» Exercise goal
Copy the listing as it is written, and leave each picture out.

» Provided records
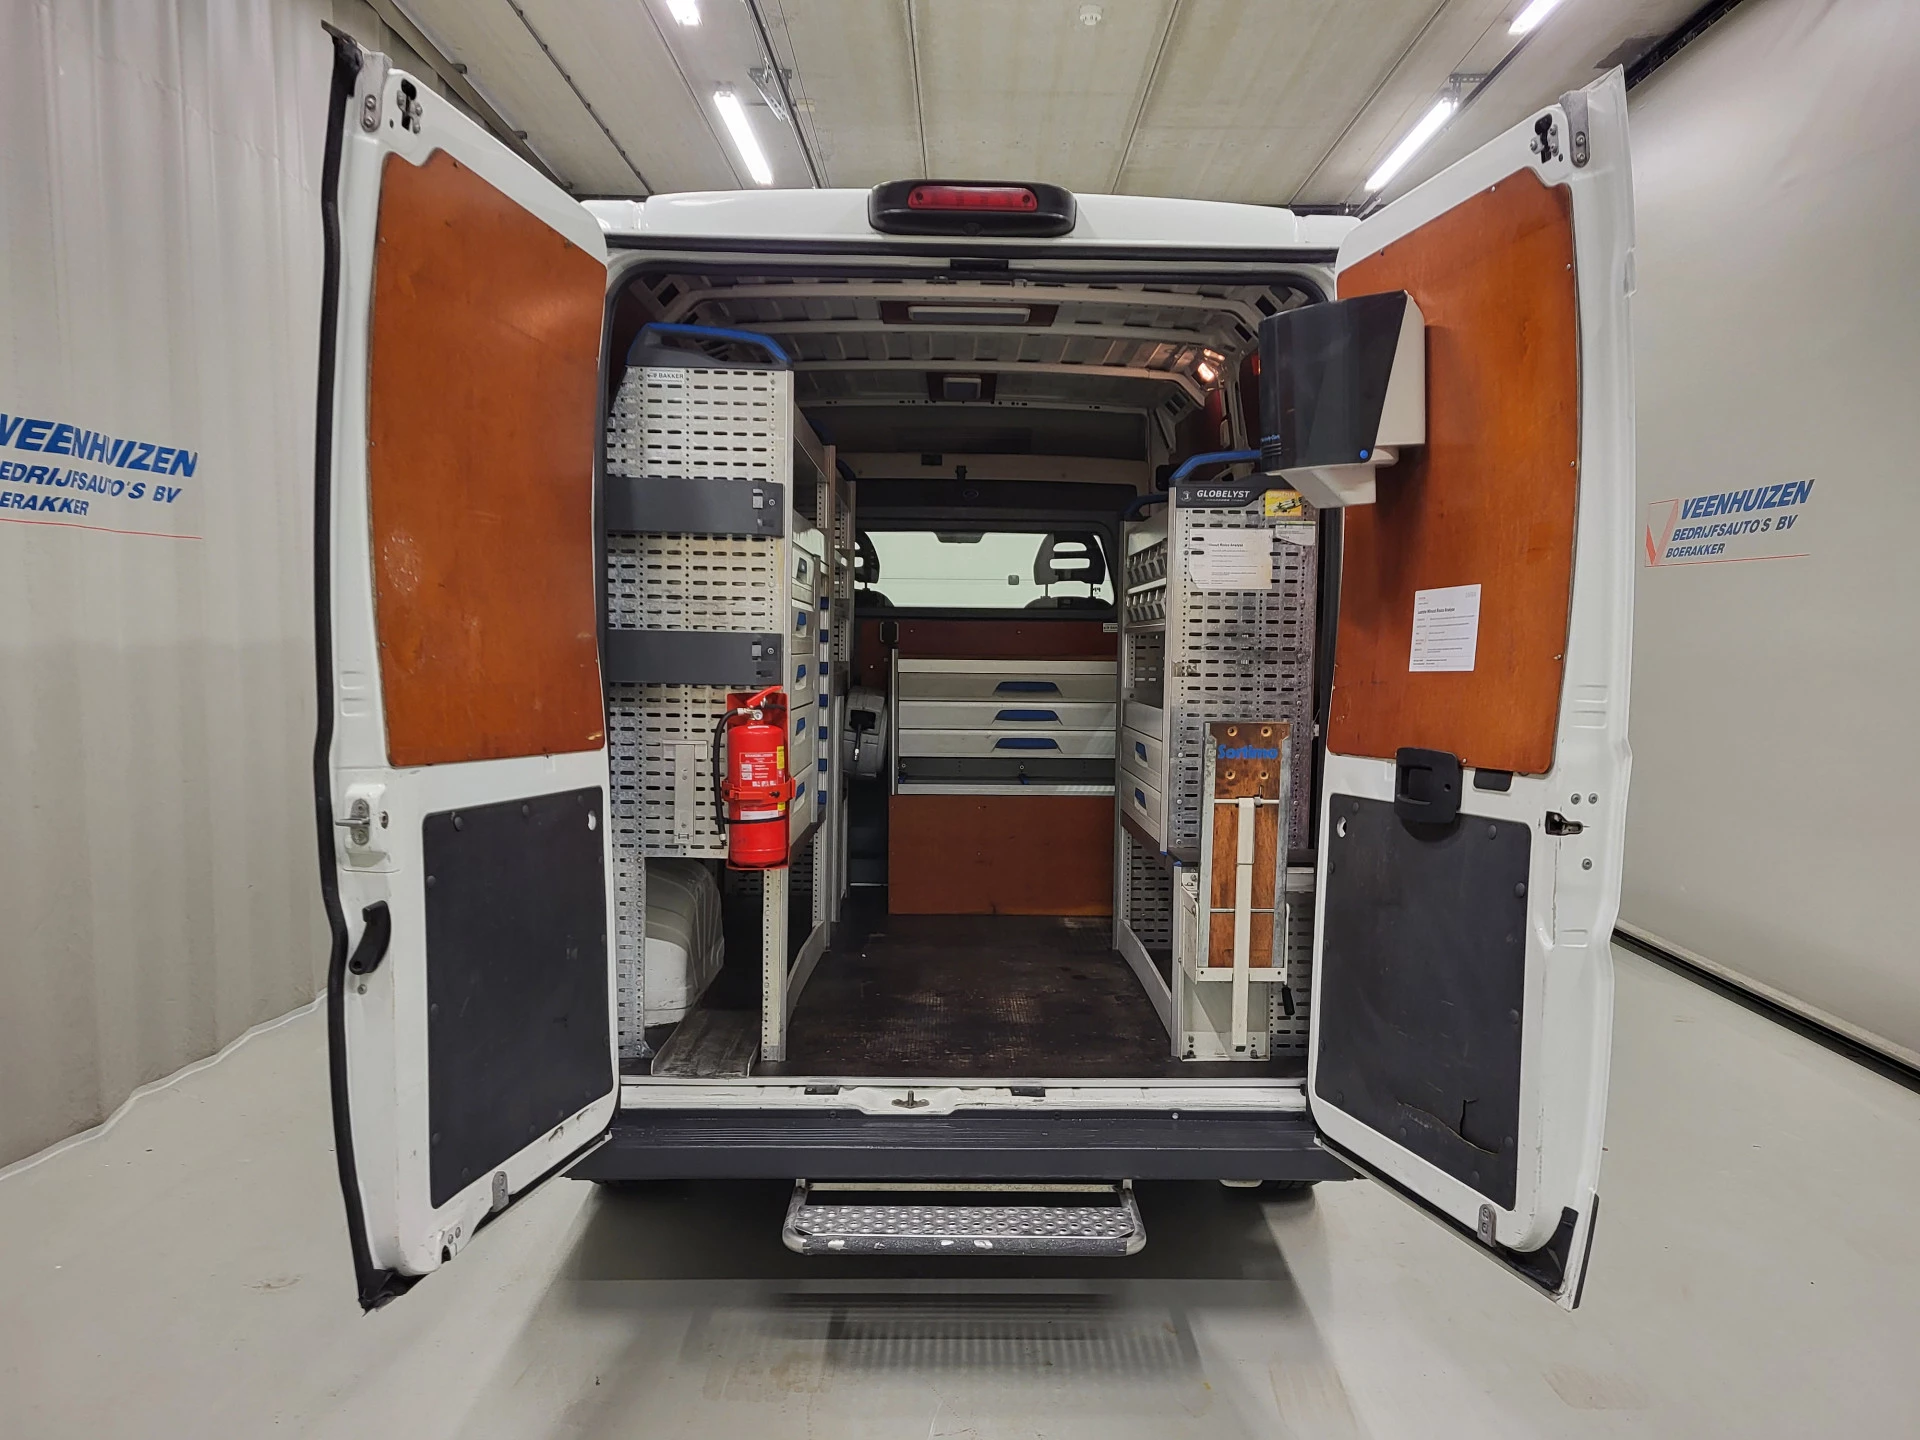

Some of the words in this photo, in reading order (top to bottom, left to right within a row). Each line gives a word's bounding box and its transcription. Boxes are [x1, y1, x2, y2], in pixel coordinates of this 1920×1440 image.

[0, 413, 198, 478] VEENHUIZEN
[152, 485, 182, 503] BV
[1196, 489, 1250, 498] GLOBELYST
[1681, 479, 1815, 520] VEENHUIZEN
[1672, 519, 1771, 541] BEDRIJFSAUTO'S
[1775, 514, 1798, 531] BV
[1666, 543, 1725, 559] BOERAKKER
[1218, 744, 1278, 759] Sortimo
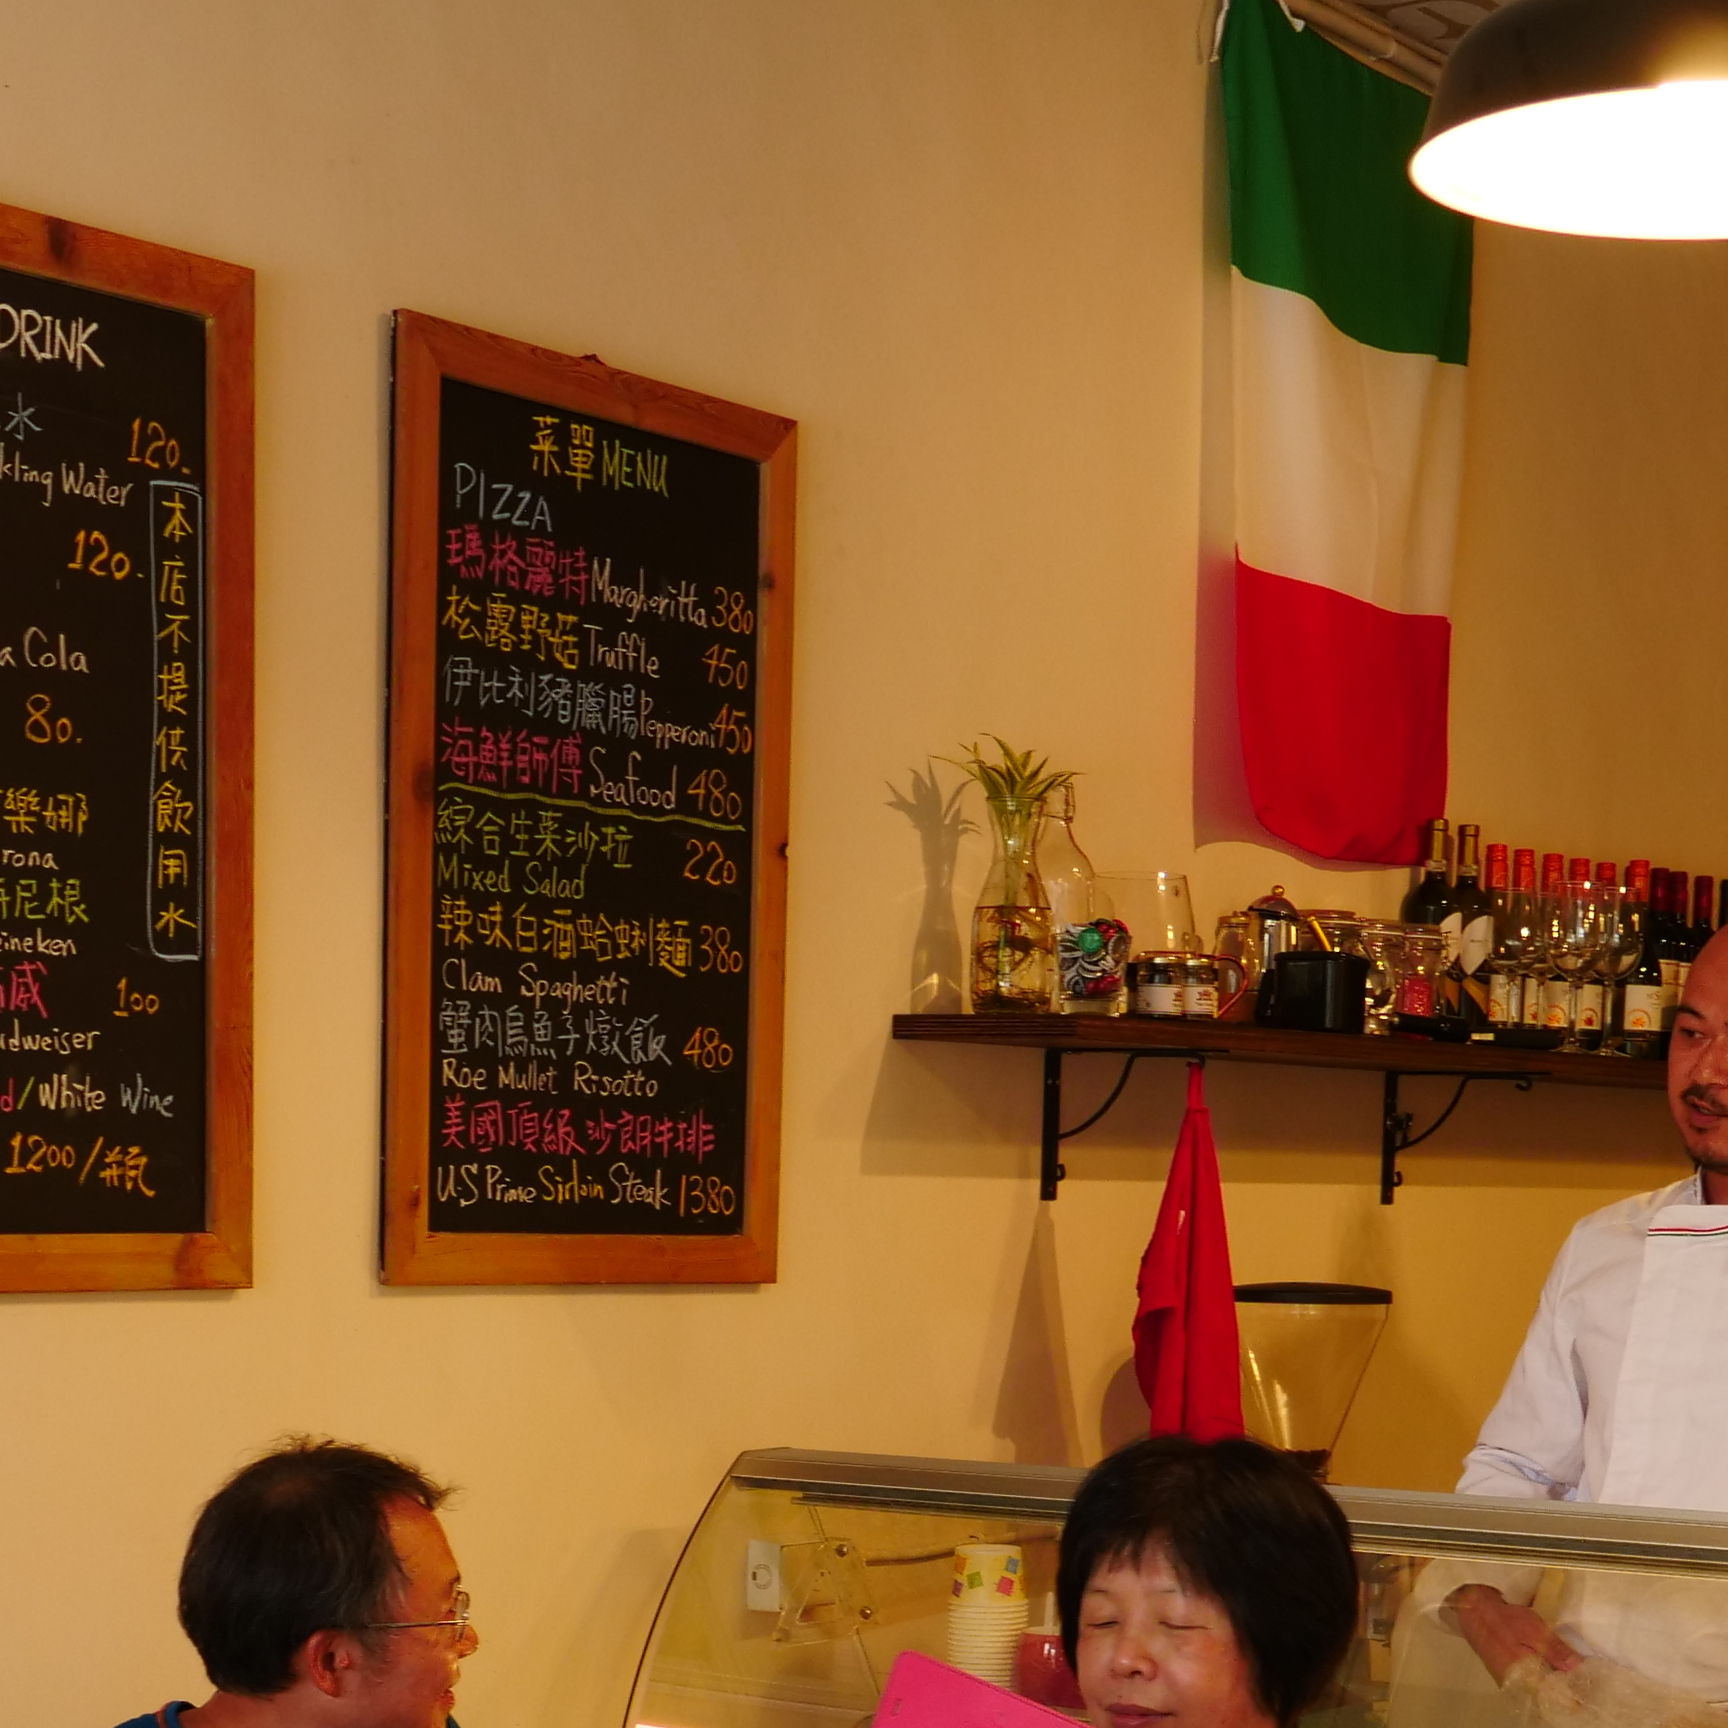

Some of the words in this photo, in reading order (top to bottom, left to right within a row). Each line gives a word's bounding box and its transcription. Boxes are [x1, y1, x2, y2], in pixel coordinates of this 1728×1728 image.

» Result of this exercise
Some of the words in this photo, in reading order (top to bottom, left to right within a row). Each line gives a word's bounding box and its transcription. Boxes are [x1, y1, x2, y2], in pixel coordinates of this 1920×1440 image.

[0, 413, 198, 478] VEENHUIZEN
[152, 485, 182, 503] BV
[1196, 489, 1250, 498] GLOBELYST
[1681, 479, 1815, 520] VEENHUIZEN
[1672, 519, 1771, 541] BEDRIJFSAUTO'S
[1775, 514, 1798, 531] BV
[1666, 543, 1725, 559] BOERAKKER
[1218, 744, 1278, 759] Sortimo

Some of the words in this photo, in reading order (top to bottom, left to right within a row). Each line gives a word's bounding box and its transcription. Boxes are [x1, y1, x2, y2], in pixel coordinates of this 1728×1728 image.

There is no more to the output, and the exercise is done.